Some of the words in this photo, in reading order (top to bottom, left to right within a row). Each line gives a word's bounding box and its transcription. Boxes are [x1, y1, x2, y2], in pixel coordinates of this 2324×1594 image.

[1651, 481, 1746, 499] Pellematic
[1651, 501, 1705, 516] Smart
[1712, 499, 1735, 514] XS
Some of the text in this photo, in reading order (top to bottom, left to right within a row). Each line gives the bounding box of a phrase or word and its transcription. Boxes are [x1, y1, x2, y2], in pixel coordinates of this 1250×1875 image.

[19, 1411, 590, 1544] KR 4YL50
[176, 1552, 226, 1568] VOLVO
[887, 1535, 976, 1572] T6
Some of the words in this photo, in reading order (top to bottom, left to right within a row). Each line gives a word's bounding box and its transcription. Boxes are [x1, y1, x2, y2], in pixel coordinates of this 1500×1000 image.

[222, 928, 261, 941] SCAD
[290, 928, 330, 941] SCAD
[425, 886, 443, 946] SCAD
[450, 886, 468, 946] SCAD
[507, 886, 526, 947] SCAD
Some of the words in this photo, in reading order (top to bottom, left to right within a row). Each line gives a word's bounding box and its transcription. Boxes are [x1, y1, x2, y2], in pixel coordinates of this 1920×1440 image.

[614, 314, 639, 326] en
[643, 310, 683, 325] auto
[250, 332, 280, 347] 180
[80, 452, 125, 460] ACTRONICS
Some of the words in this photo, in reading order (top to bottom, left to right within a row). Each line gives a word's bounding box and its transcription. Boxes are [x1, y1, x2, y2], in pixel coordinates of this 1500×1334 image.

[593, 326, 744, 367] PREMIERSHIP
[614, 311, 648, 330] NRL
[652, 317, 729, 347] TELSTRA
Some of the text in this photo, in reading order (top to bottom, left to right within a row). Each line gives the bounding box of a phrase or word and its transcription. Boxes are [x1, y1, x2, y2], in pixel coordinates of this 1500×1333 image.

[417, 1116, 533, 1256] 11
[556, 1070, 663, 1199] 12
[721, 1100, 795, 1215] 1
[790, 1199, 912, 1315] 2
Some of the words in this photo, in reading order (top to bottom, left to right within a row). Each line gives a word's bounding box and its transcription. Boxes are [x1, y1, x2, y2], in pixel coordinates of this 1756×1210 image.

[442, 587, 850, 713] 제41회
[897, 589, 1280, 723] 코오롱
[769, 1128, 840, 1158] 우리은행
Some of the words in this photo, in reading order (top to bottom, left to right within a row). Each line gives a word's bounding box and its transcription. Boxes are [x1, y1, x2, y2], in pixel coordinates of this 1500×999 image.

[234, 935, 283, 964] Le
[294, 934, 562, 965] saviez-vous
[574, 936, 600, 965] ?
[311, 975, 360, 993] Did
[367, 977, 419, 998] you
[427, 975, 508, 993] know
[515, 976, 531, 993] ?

* [Exercise]
The response has to give back every record verbatim.

* [Output of the exercise]
Some of the words in this photo, in reading order (top to bottom, left to right within a row). Each line gives a word's bounding box and its transcription. Boxes are [x1, y1, x2, y2], in pixel coordinates of this 2324×1594 image.

[1651, 481, 1746, 499] Pellematic
[1651, 501, 1705, 516] Smart
[1712, 499, 1735, 514] XS
Some of the text in this photo, in reading order (top to bottom, left to right within a row). Each line gives the bounding box of a phrase or word and its transcription. Boxes are [x1, y1, x2, y2], in pixel coordinates of this 1250×1875 image.

[19, 1411, 590, 1544] KR 4YL50
[176, 1552, 226, 1568] VOLVO
[887, 1535, 976, 1572] T6
Some of the words in this photo, in reading order (top to bottom, left to right within a row). Each line gives a word's bounding box and its transcription. Boxes are [x1, y1, x2, y2], in pixel coordinates of this 1500×1000 image.

[222, 928, 261, 941] SCAD
[290, 928, 330, 941] SCAD
[425, 886, 443, 946] SCAD
[450, 886, 468, 946] SCAD
[507, 886, 526, 947] SCAD
Some of the words in this photo, in reading order (top to bottom, left to right within a row). Each line gives a word's bounding box and its transcription. Boxes are [x1, y1, x2, y2], in pixel coordinates of this 1920×1440 image.

[614, 314, 639, 326] en
[643, 310, 683, 325] auto
[250, 332, 280, 347] 180
[80, 452, 125, 460] ACTRONICS
Some of the words in this photo, in reading order (top to bottom, left to right within a row). Each line gives a word's bounding box and its transcription. Boxes are [x1, y1, x2, y2], in pixel coordinates of this 1500×1334 image.

[593, 326, 744, 367] PREMIERSHIP
[614, 311, 648, 330] NRL
[652, 317, 729, 347] TELSTRA
Some of the text in this photo, in reading order (top to bottom, left to right within a row). Each line gives the bounding box of a phrase or word and its transcription. Boxes are [x1, y1, x2, y2], in pixel coordinates of this 1500×1333 image.

[417, 1116, 533, 1256] 11
[556, 1070, 663, 1199] 12
[721, 1100, 795, 1215] 1
[790, 1199, 912, 1315] 2
Some of the words in this photo, in reading order (top to bottom, left to right within a row). Each line gives a word's bounding box and its transcription. Boxes are [x1, y1, x2, y2], in pixel coordinates of this 1756×1210 image.

[442, 587, 850, 713] 제41회
[897, 589, 1280, 723] 코오롱
[769, 1128, 840, 1158] 우리은행
Some of the words in this photo, in reading order (top to bottom, left to right within a row). Each line gives a word's bounding box and its transcription. Boxes are [x1, y1, x2, y2], in pixel coordinates of this 1500×999 image.

[234, 935, 283, 964] Le
[294, 934, 562, 965] saviez-vous
[574, 936, 600, 965] ?
[311, 975, 360, 993] Did
[367, 977, 419, 998] you
[427, 975, 508, 993] know
[515, 976, 531, 993] ?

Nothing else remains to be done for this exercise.